A receptive field is the area within which a cell is able to perceive information. Though the term is still used most often with regards to the sense of sight, there are receptive fields associated with sound, smell, and touch as well. The receptive fields of sensory cells differ from cell to cell and from region to region. The term was first used in 1906 after experiments using light were conducted that demonstrated the receptive fields of various neurons on the retina.
The term receptive field is most often used when discussing the sense of sight. The size of the receptive field of the cells in the retina is measured in degrees and ranges, depending on the location of the retinal cell, from a fraction of a degree to about ten degrees. The cells on the edges of the retina have a wide receptive field, whereas the cells toward the center of the retina are able to gather information from only a small area. This results in the ability to focus on only a small area at the center of the field of vision, while being able to perceive a wide and yet unfocused periphery.
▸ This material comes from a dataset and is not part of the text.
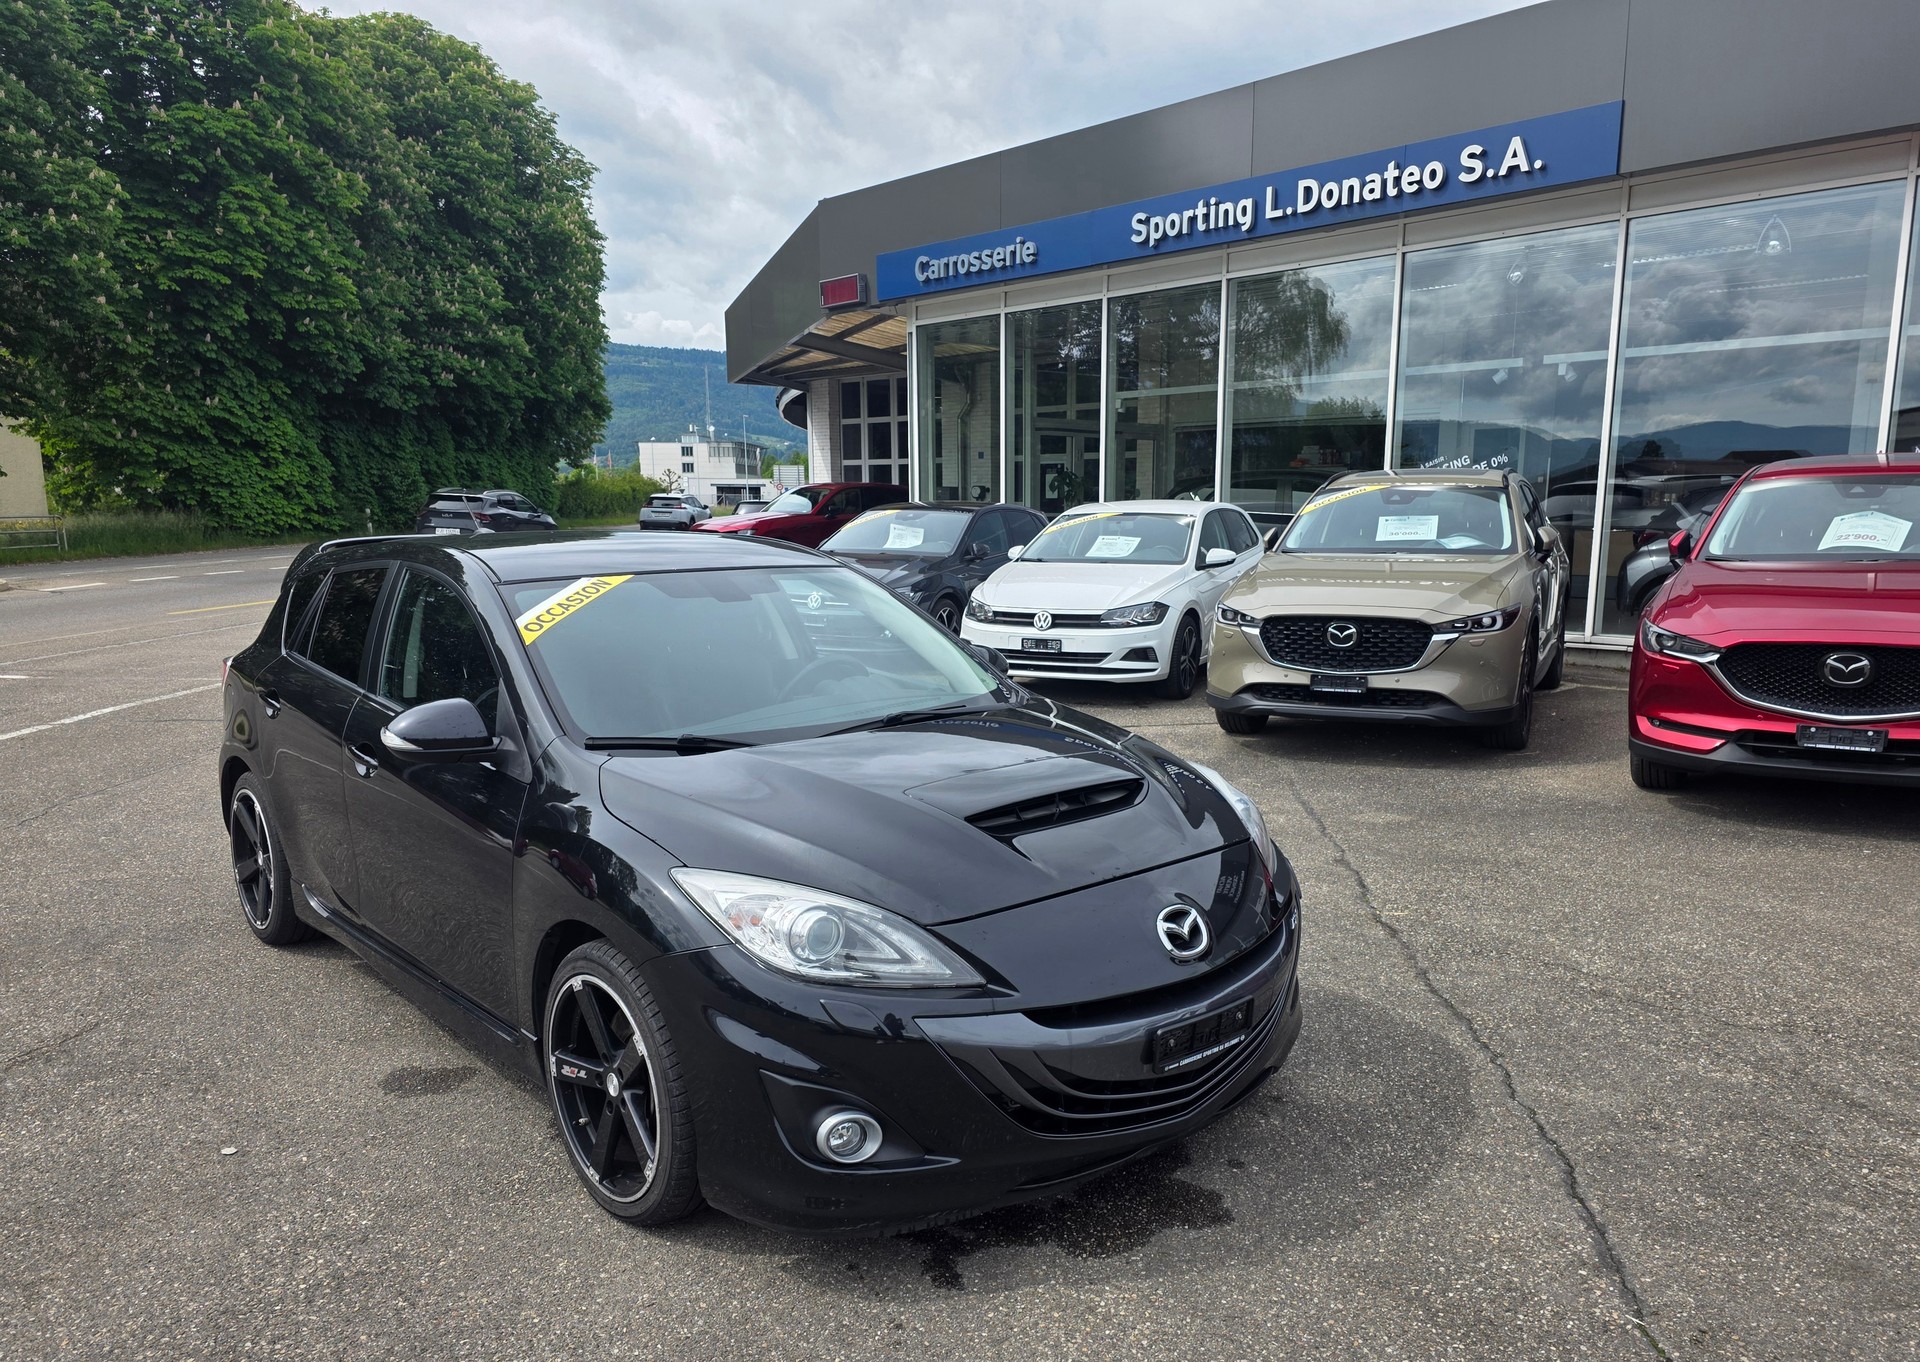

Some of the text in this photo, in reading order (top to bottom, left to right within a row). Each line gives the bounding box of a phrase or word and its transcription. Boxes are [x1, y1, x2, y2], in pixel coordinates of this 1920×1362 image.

The receptive field of somatosensory neurons can also be measured. These neurons are located in the skin and respond to different stimuli, including temperature, pain, touch and vibration. Regions that are more sensitive, such as the fingertips, have a smaller receptive field than less sensitive regions. The neurons in the fingertips will only perceive stimulation in a small region of about 0.2 inches (5 mm) around them before the information is picked up by other neurons. This allows humans to discern a great deal of information about an object from the tips of the fingers.
In terms of auditory processing, the receptive field of particular neurons is measured by their ability to discern between different sound frequencies. The location of the source of a sound wave can also play into the receptive field of the auditory system. Though little has been studied with regards to the receptive field of olfactory receptors, these too have a receptive field.